The research provider said that as the superannuation industry explores ways to solve the real savings gap, arguments for resolving the gap in policy have also intensified.
Rice Warner argued it is time to “finally agree on measurable bi-partisan objectives against which Treasury can benchmark policy changes”.
“David Murray’s Financial System Inquiry (FSI) indicated that a lack of clarity exists when it comes to the objective of superannuation,” said Rice Warner.
“It suggested the primary objective should be 'to provide income in retirement to substitute or supplement the Age Pension'.”
These comments, Rice Warner noted, were made against a “historical backdrop of policy tinkering with superannuation, and a lack of political cohesion as to the ultimate purpose of the system”.
The researcher said there are therefore two gaps in the system: the superannuation savings gap and the policy distance between the two major parties where “sensible reform is often put aside in favour of political expediency”.

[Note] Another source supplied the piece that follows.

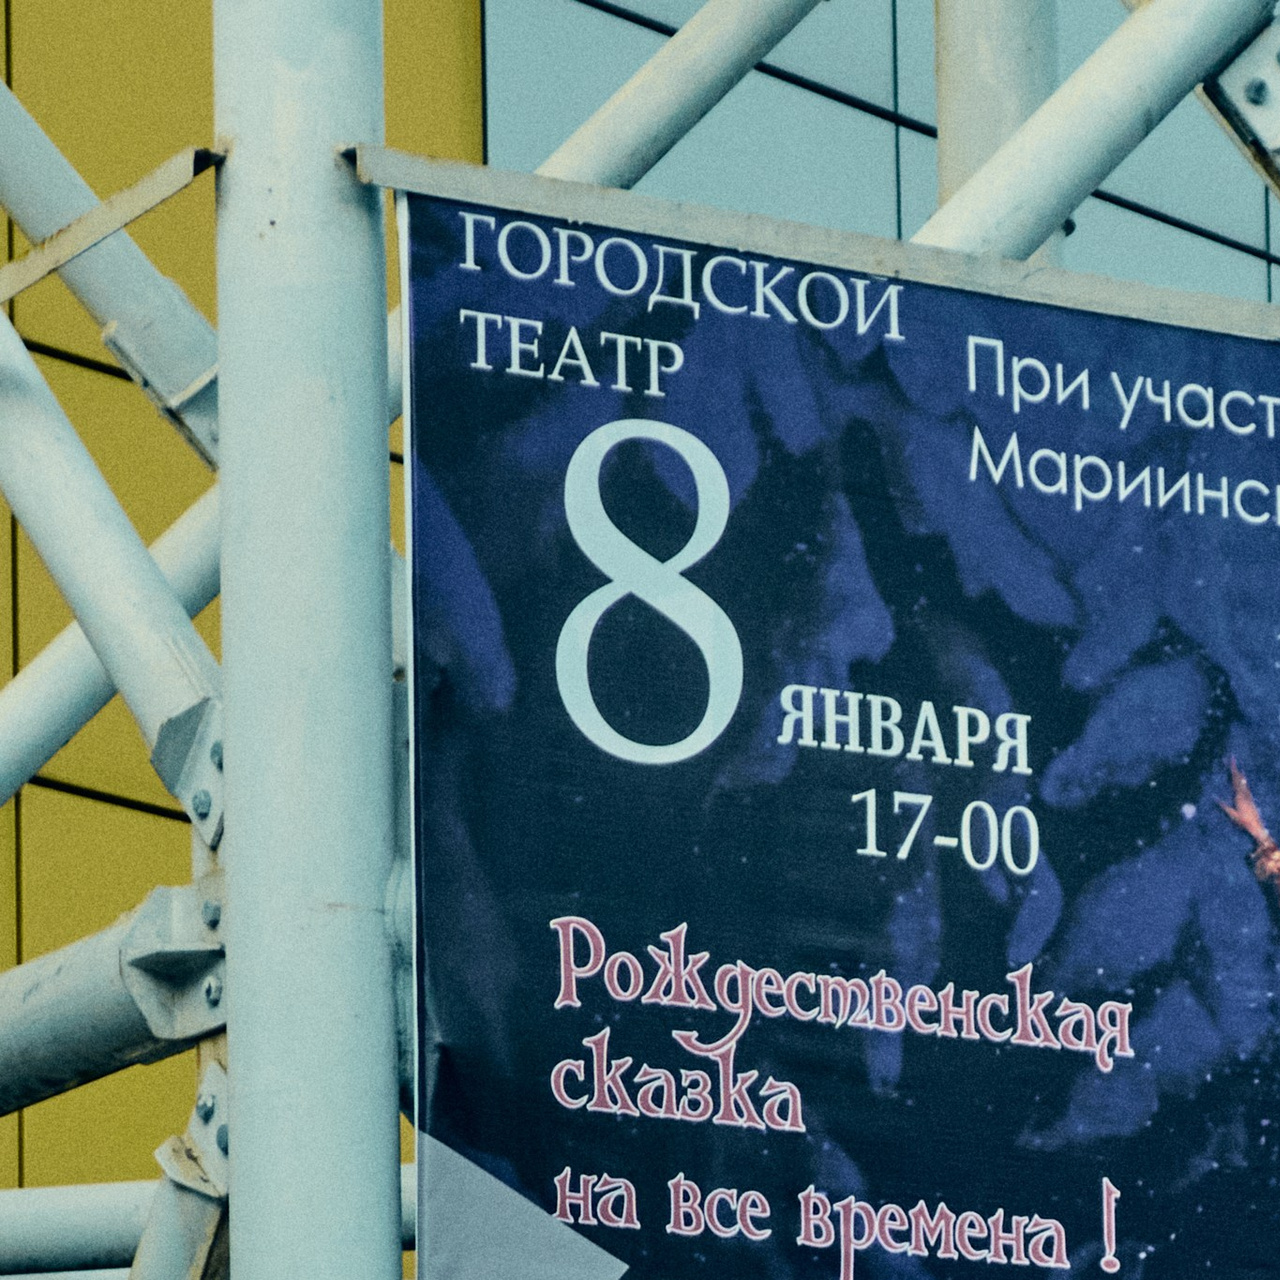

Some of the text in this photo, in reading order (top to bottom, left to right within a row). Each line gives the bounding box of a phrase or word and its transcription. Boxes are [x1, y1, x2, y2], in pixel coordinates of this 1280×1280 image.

“A good example is the current government’s reluctance to address inequity in superannuation,” said Rice Warner.
The government’s decision on the superannuation guarantee rate is a good example of how politics has impacted upon the savings gap, the researcher said.
“We have seen the Savings Gap increasing over time, most recently to $768 billion at 30 June 2014, up from $727 billion the previous year,” Rice Warner noted.
“The single government policy that had the biggest impact on this movement was the deferral of the increase in the Superannuation Guarantee from 9.5 per cent to 12 per cent by a further four years. This deferral added $118 billion to the gap.”
Bi-partisan agreement would also result in “consensus on raising the preservation age and simultaneously seeking to promote work for older Australians”, according to Rice Warner.